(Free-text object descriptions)

+===+

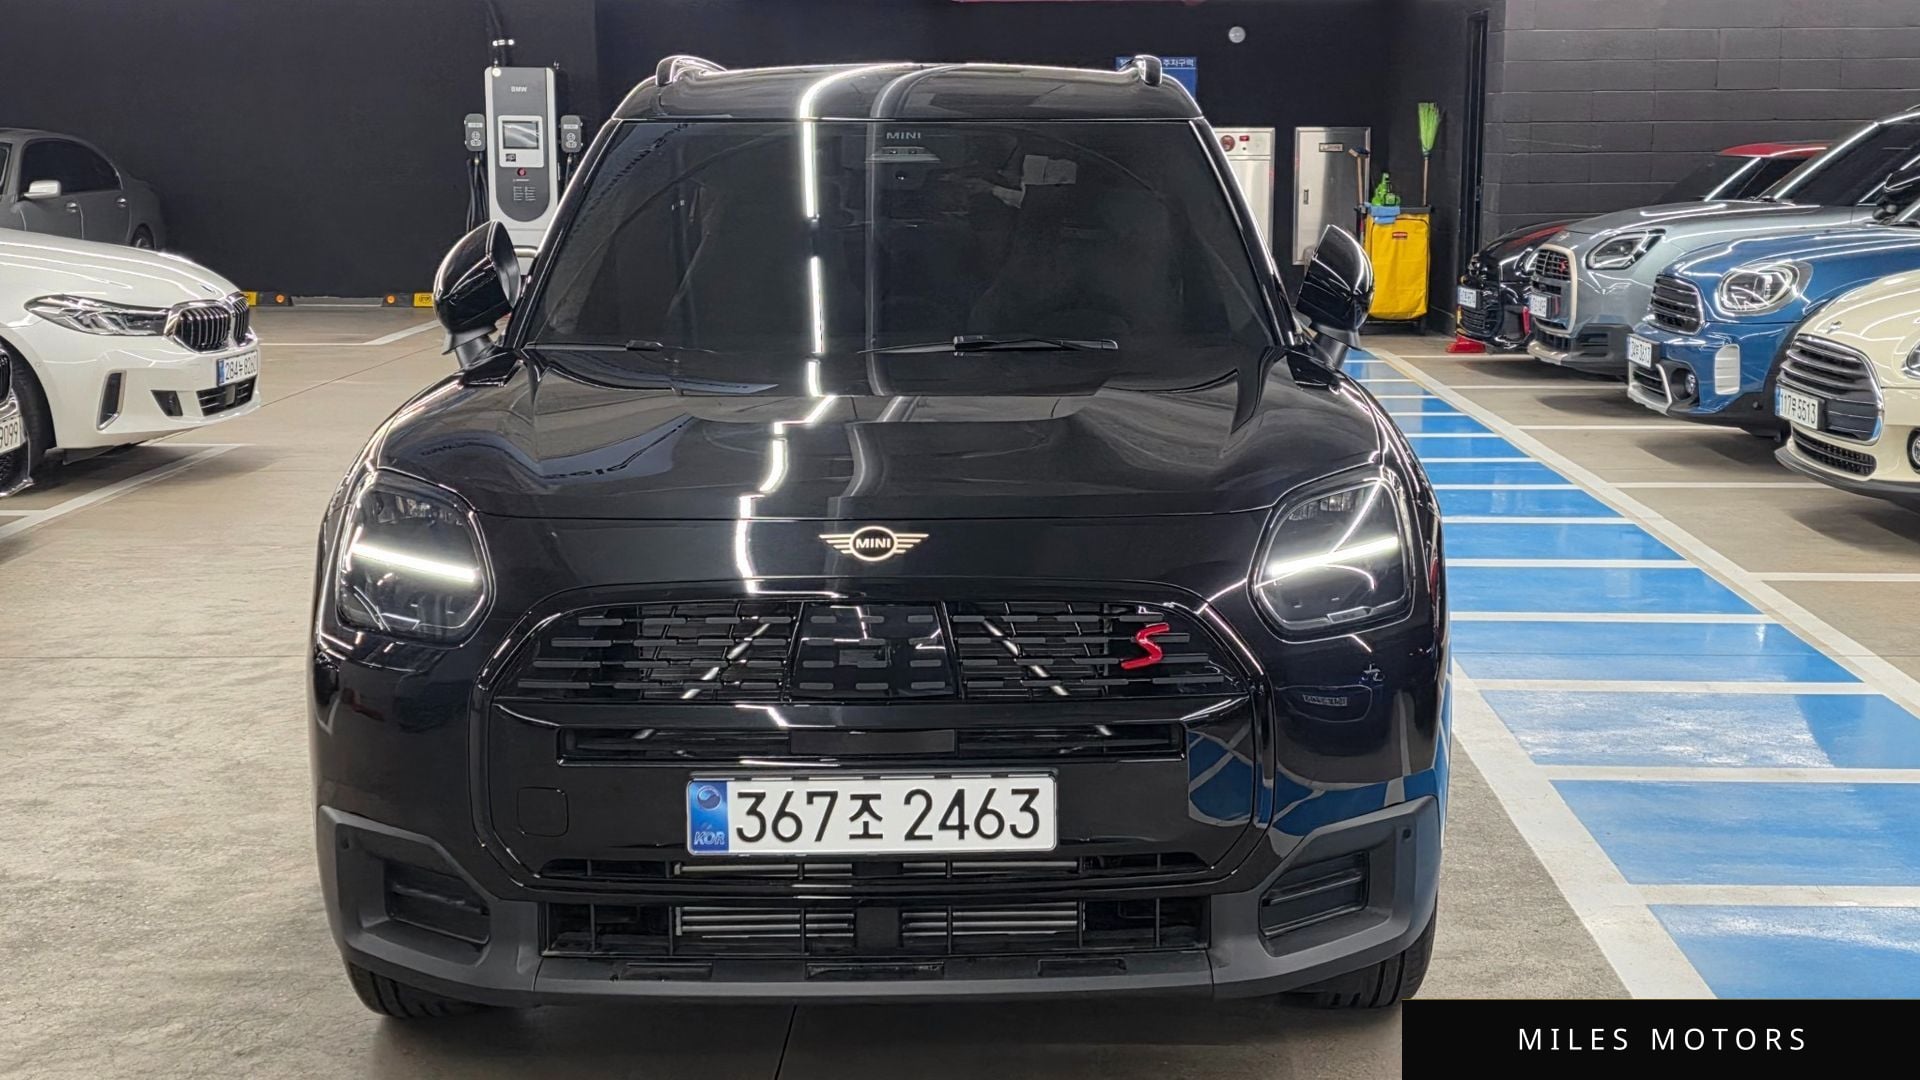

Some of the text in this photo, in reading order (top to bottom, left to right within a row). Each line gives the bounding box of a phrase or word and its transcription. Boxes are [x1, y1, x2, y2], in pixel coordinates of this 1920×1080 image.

[855, 538, 892, 549] MINI
[1121, 622, 1170, 669] S
[737, 787, 1041, 843] 367조 2463
[694, 831, 726, 845] KOR
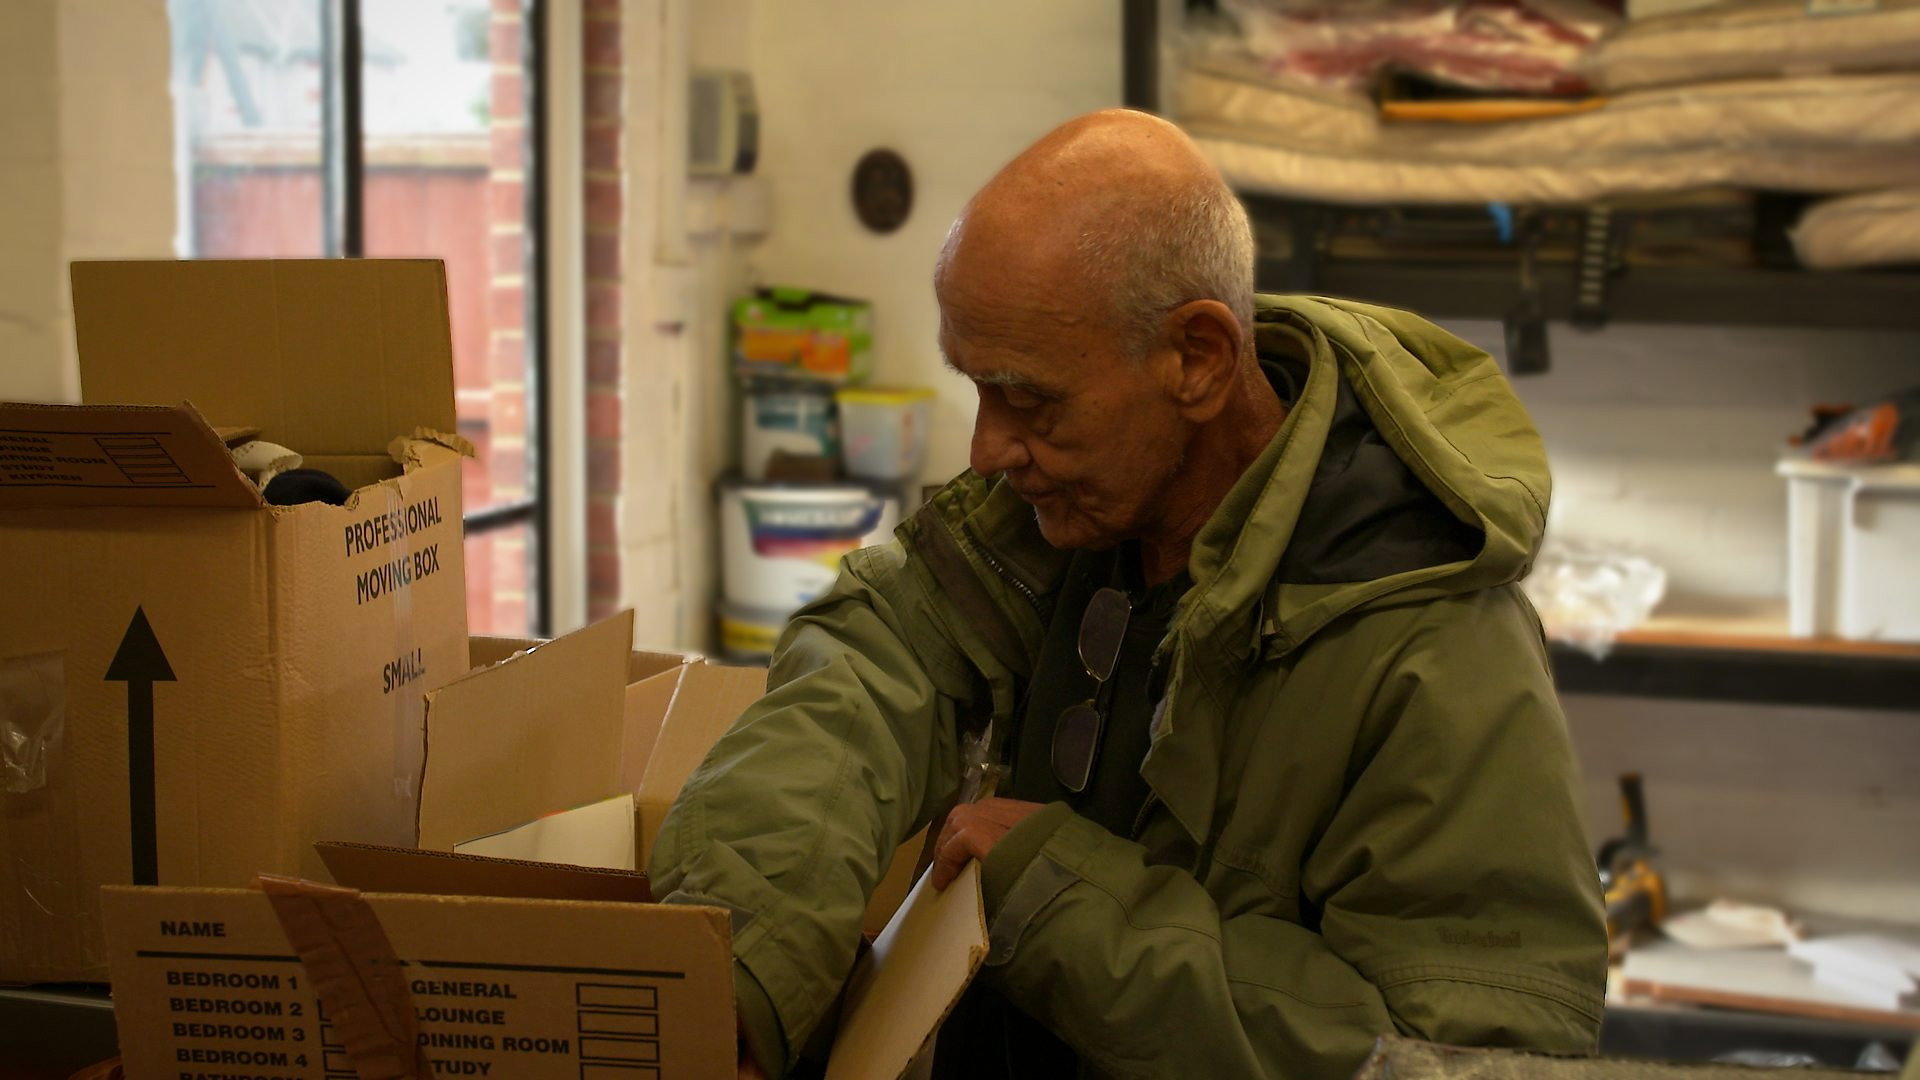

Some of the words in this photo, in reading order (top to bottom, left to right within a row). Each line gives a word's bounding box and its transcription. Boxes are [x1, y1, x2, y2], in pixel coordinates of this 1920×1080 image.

+===+

WORK ITEM: The expected output is every entry, retyped exactly, with all pictures removed.

YOUR SOLUTION:
Some of the text in this photo, in reading order (top to bottom, left to right within a row). Each line gives the bounding box of a phrase or word and its transcription. Boxes are [x1, y1, x2, y2], in pixel coordinates of this 1920×1080 image.

[855, 538, 892, 549] MINI
[1121, 622, 1170, 669] S
[737, 787, 1041, 843] 367조 2463
[694, 831, 726, 845] KOR

Some of the words in this photo, in reading order (top to bottom, left to right within a row). Each line gives a word's bounding box and its transcription. Boxes are [x1, y1, x2, y2], in pixel coordinates of this 1920×1080 image.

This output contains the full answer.